[Referring expression grounding data]
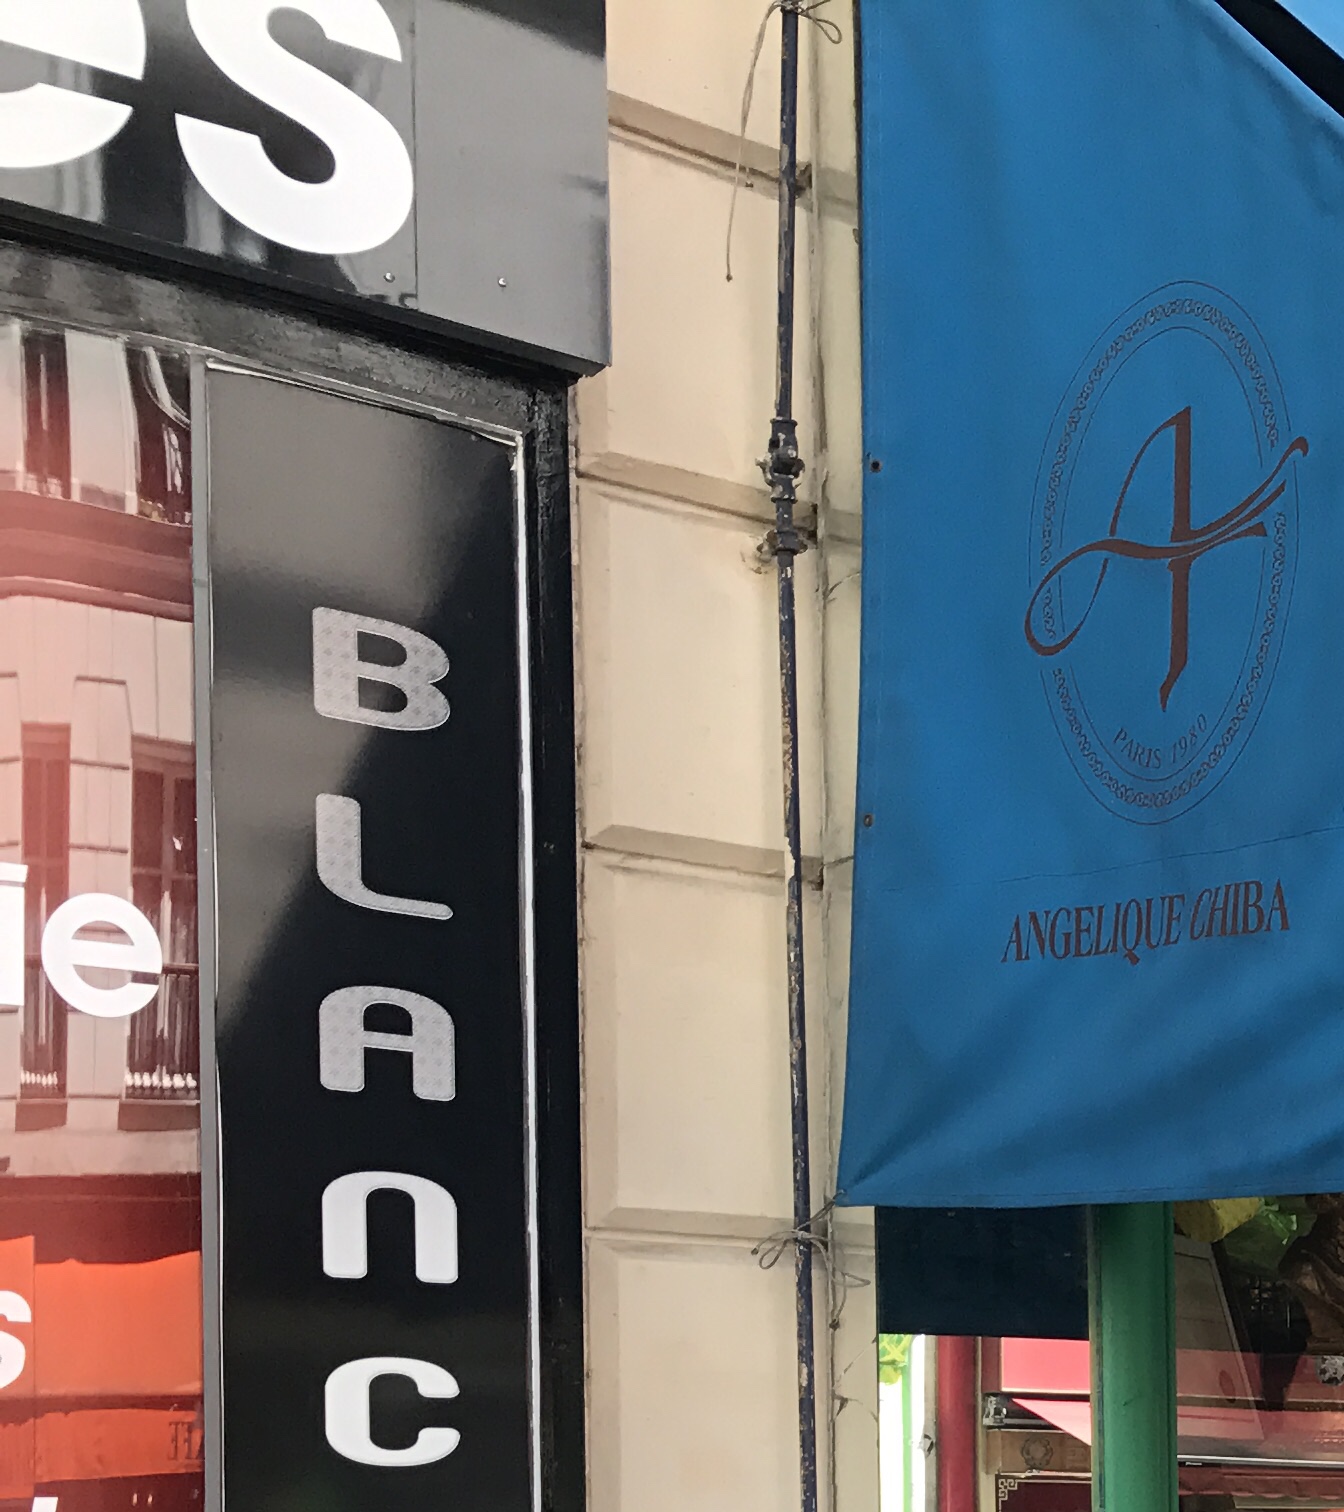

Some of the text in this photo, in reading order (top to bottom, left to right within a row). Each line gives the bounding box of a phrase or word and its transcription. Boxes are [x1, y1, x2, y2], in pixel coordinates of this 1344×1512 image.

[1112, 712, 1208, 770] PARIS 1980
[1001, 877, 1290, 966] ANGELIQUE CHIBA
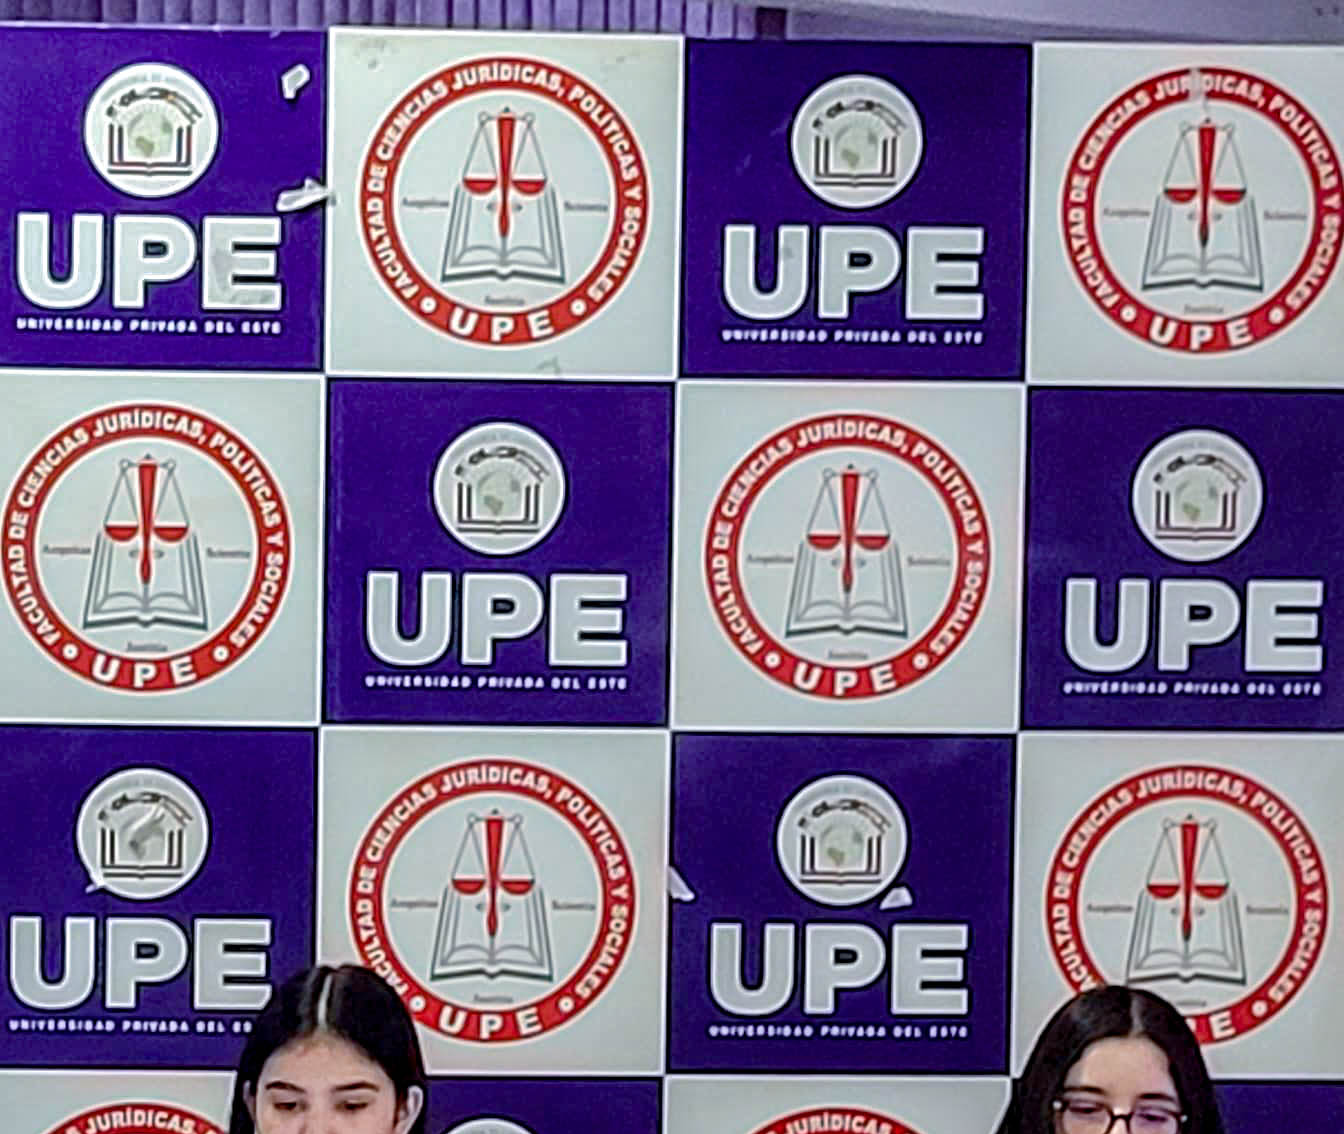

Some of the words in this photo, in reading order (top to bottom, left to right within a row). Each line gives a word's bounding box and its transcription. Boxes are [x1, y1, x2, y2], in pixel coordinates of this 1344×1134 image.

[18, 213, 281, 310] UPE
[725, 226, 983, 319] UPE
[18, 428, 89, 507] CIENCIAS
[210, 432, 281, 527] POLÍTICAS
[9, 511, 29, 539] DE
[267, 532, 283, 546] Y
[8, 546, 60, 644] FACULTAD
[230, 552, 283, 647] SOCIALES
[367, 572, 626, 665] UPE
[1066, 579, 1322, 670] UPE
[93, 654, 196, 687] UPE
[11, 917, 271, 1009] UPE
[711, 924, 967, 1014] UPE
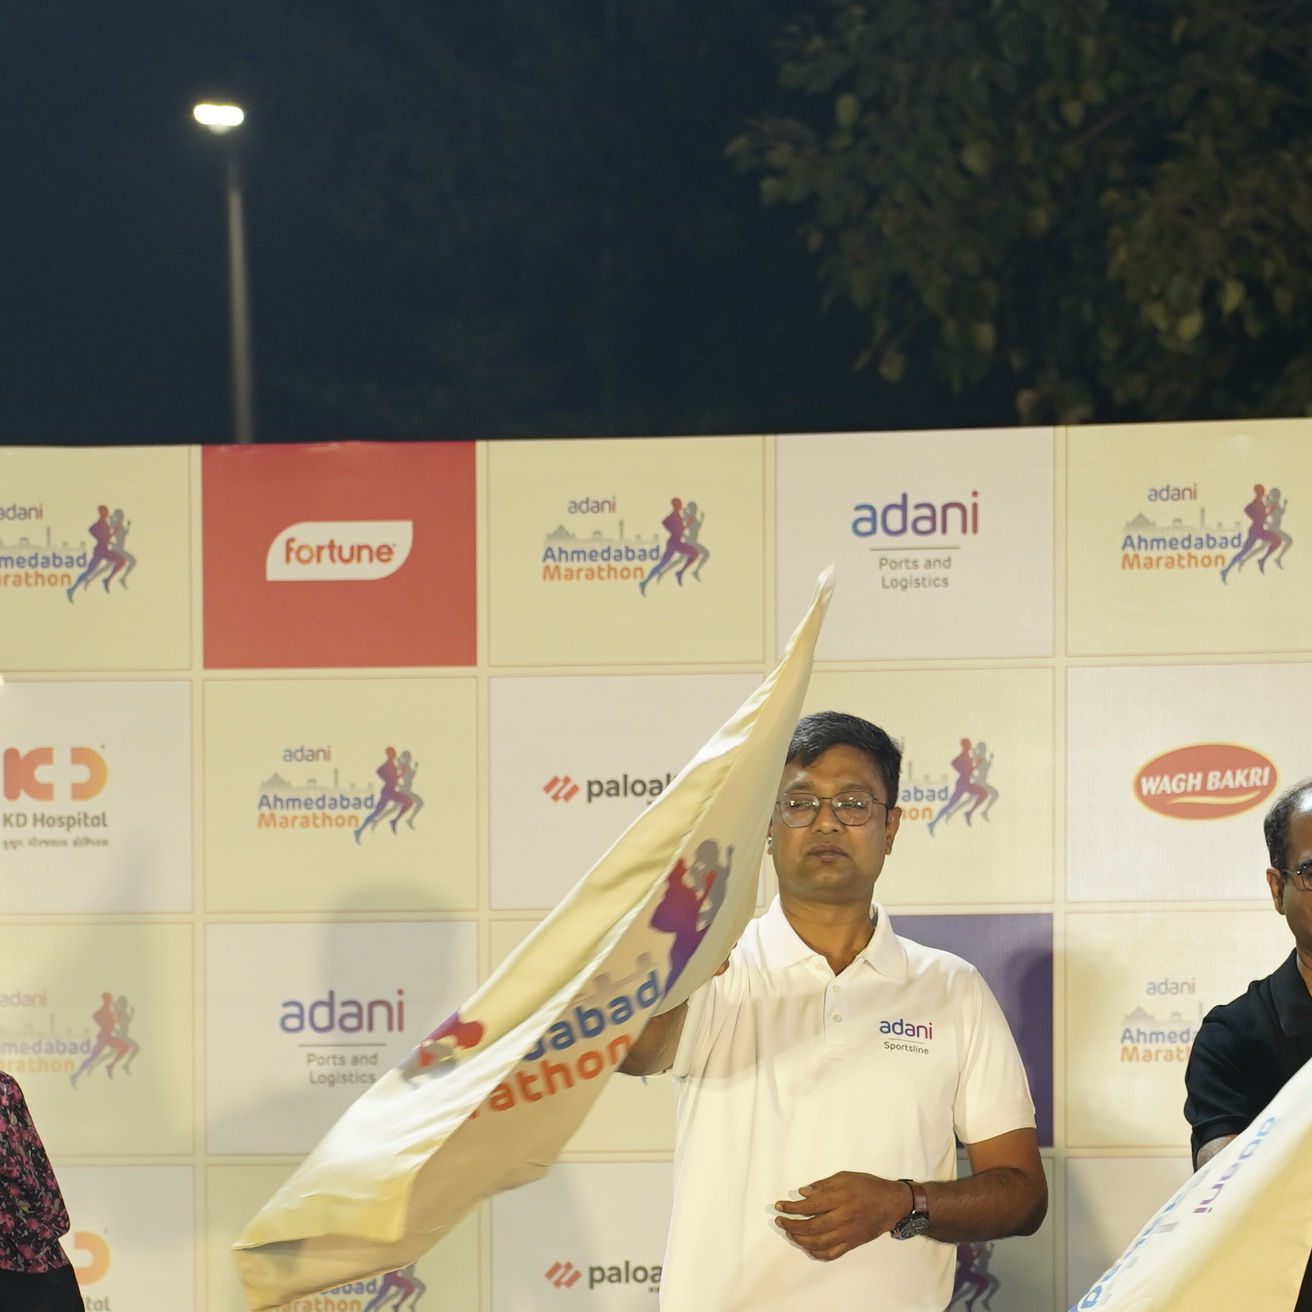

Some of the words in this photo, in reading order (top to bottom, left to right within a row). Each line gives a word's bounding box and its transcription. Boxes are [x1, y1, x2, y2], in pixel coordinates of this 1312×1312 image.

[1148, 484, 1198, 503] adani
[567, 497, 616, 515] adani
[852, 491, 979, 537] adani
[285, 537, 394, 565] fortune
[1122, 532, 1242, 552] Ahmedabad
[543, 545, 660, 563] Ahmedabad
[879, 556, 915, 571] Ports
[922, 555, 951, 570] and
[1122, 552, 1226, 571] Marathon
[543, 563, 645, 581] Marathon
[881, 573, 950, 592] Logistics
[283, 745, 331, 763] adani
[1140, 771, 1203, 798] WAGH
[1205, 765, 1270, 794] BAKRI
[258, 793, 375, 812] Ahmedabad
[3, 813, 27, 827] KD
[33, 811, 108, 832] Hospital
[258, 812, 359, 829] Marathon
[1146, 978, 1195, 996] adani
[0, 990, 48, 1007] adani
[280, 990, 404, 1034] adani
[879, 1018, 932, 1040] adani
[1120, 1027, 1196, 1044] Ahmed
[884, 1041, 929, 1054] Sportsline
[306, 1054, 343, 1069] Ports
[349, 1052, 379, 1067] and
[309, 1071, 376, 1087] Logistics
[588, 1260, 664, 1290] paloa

--- Work order ---
Repeat all of the entries above word for word and omit the pictures.

--- Solution to the problem ---
Some of the text in this photo, in reading order (top to bottom, left to right within a row). Each line gives the bounding box of a phrase or word and its transcription. Boxes are [x1, y1, x2, y2], in pixel coordinates of this 1344×1512 image.

[1112, 712, 1208, 770] PARIS 1980
[1001, 877, 1290, 966] ANGELIQUE CHIBA

Some of the words in this photo, in reading order (top to bottom, left to right within a row). Each line gives a word's bounding box and its transcription. Boxes are [x1, y1, x2, y2], in pixel coordinates of this 1344×1134 image.

[18, 213, 281, 310] UPE
[725, 226, 983, 319] UPE
[18, 428, 89, 507] CIENCIAS
[210, 432, 281, 527] POLÍTICAS
[9, 511, 29, 539] DE
[267, 532, 283, 546] Y
[8, 546, 60, 644] FACULTAD
[230, 552, 283, 647] SOCIALES
[367, 572, 626, 665] UPE
[1066, 579, 1322, 670] UPE
[93, 654, 196, 687] UPE
[11, 917, 271, 1009] UPE
[711, 924, 967, 1014] UPE

Some of the words in this photo, in reading order (top to bottom, left to right within a row). Each line gives a word's bounding box and its transcription. Boxes are [x1, y1, x2, y2], in pixel coordinates of this 1312×1312 image.

[1148, 484, 1198, 503] adani
[567, 497, 616, 515] adani
[852, 491, 979, 537] adani
[285, 537, 394, 565] fortune
[1122, 532, 1242, 552] Ahmedabad
[543, 545, 660, 563] Ahmedabad
[879, 556, 915, 571] Ports
[922, 555, 951, 570] and
[1122, 552, 1226, 571] Marathon
[543, 563, 645, 581] Marathon
[881, 573, 950, 592] Logistics
[283, 745, 331, 763] adani
[1140, 771, 1203, 798] WAGH
[1205, 765, 1270, 794] BAKRI
[258, 793, 375, 812] Ahmedabad
[3, 813, 27, 827] KD
[33, 811, 108, 832] Hospital
[258, 812, 359, 829] Marathon
[1146, 978, 1195, 996] adani
[0, 990, 48, 1007] adani
[280, 990, 404, 1034] adani
[879, 1018, 932, 1040] adani
[1120, 1027, 1196, 1044] Ahmed
[884, 1041, 929, 1054] Sportsline
[306, 1054, 343, 1069] Ports
[349, 1052, 379, 1067] and
[309, 1071, 376, 1087] Logistics
[588, 1260, 664, 1290] paloa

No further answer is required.